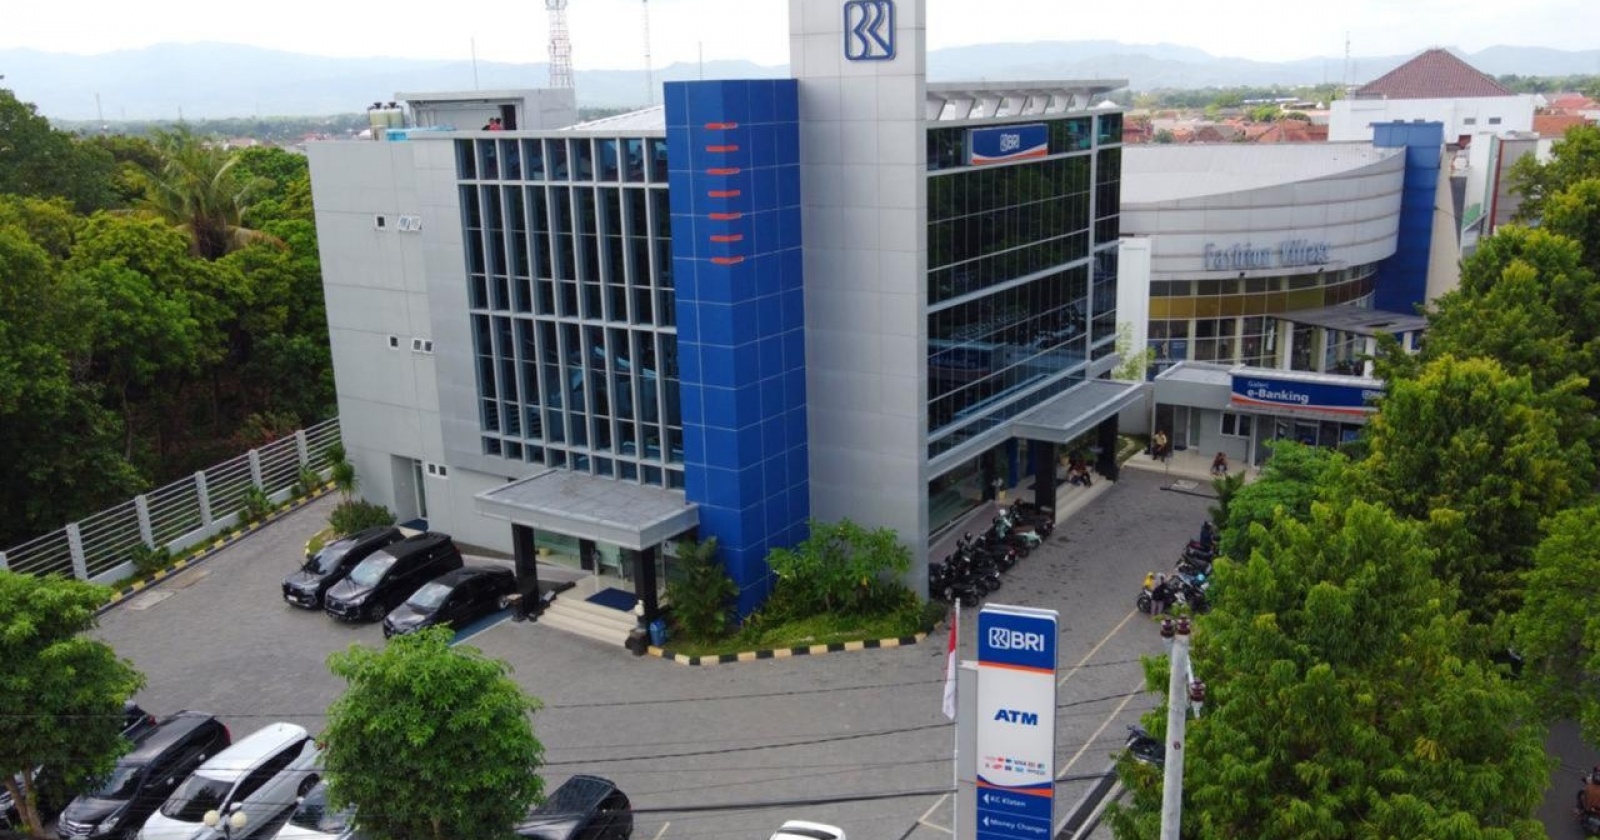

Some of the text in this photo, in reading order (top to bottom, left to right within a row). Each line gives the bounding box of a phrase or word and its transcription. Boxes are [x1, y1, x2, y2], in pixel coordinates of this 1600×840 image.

[1247, 389, 1309, 405] e-Banking
[1010, 630, 1045, 652] BRI
[994, 709, 1038, 726] ATM
[989, 818, 1048, 834] Money Changer
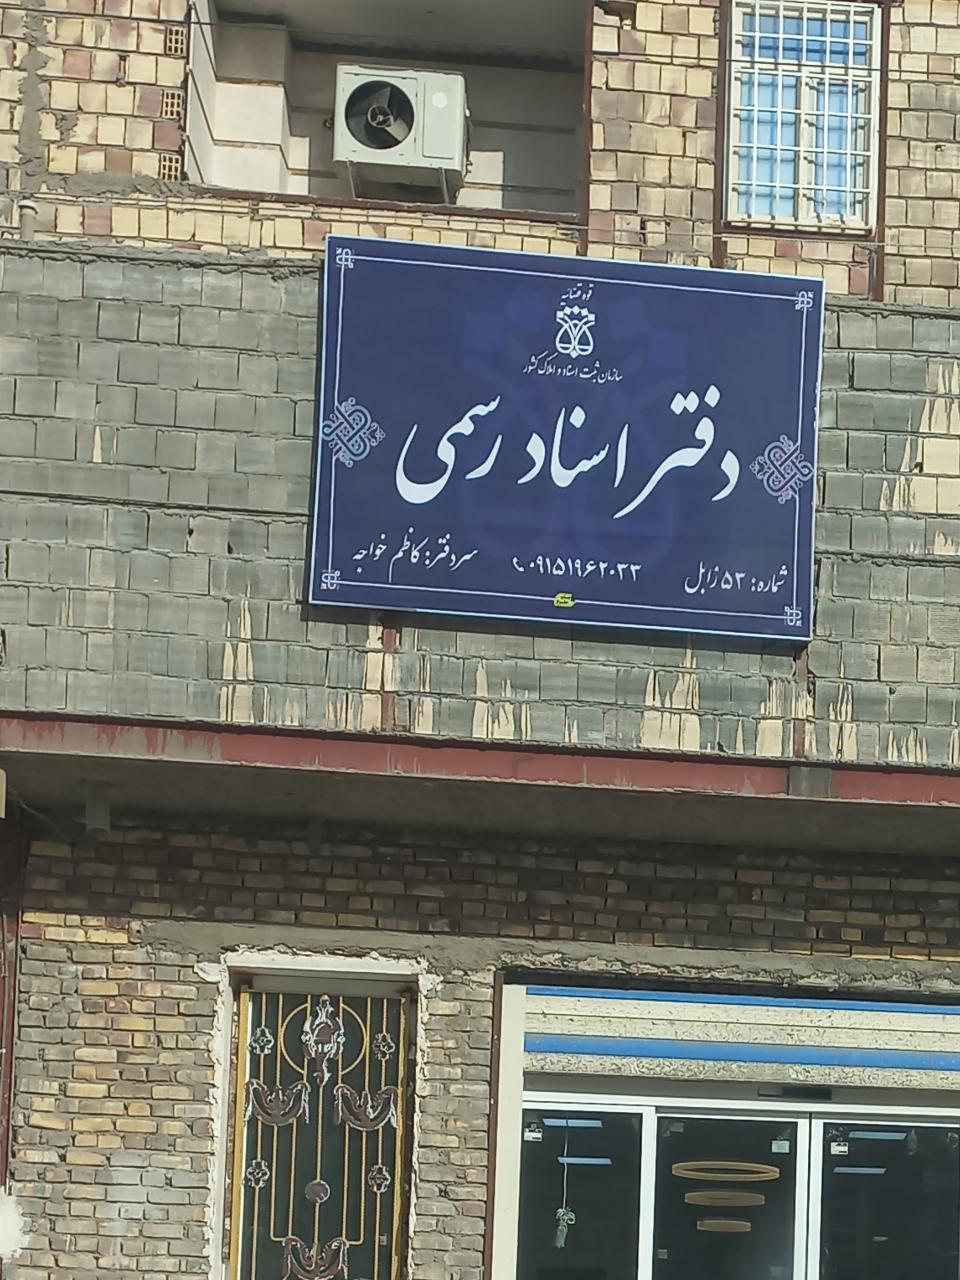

TRY IT -
Please print the entries exactly as they stand. Images are not part of the copy.

RESPONSE -
Some of the text in this photo, in reading order (top to bottom, left to right within a row). Each line gives the bounding box of a phrase or word and its transcription. Boxes are [x1, y1, x2, y2], in pixel coordinates of this 1600×840 image.

[1247, 389, 1309, 405] e-Banking
[1010, 630, 1045, 652] BRI
[994, 709, 1038, 726] ATM
[989, 818, 1048, 834] Money Changer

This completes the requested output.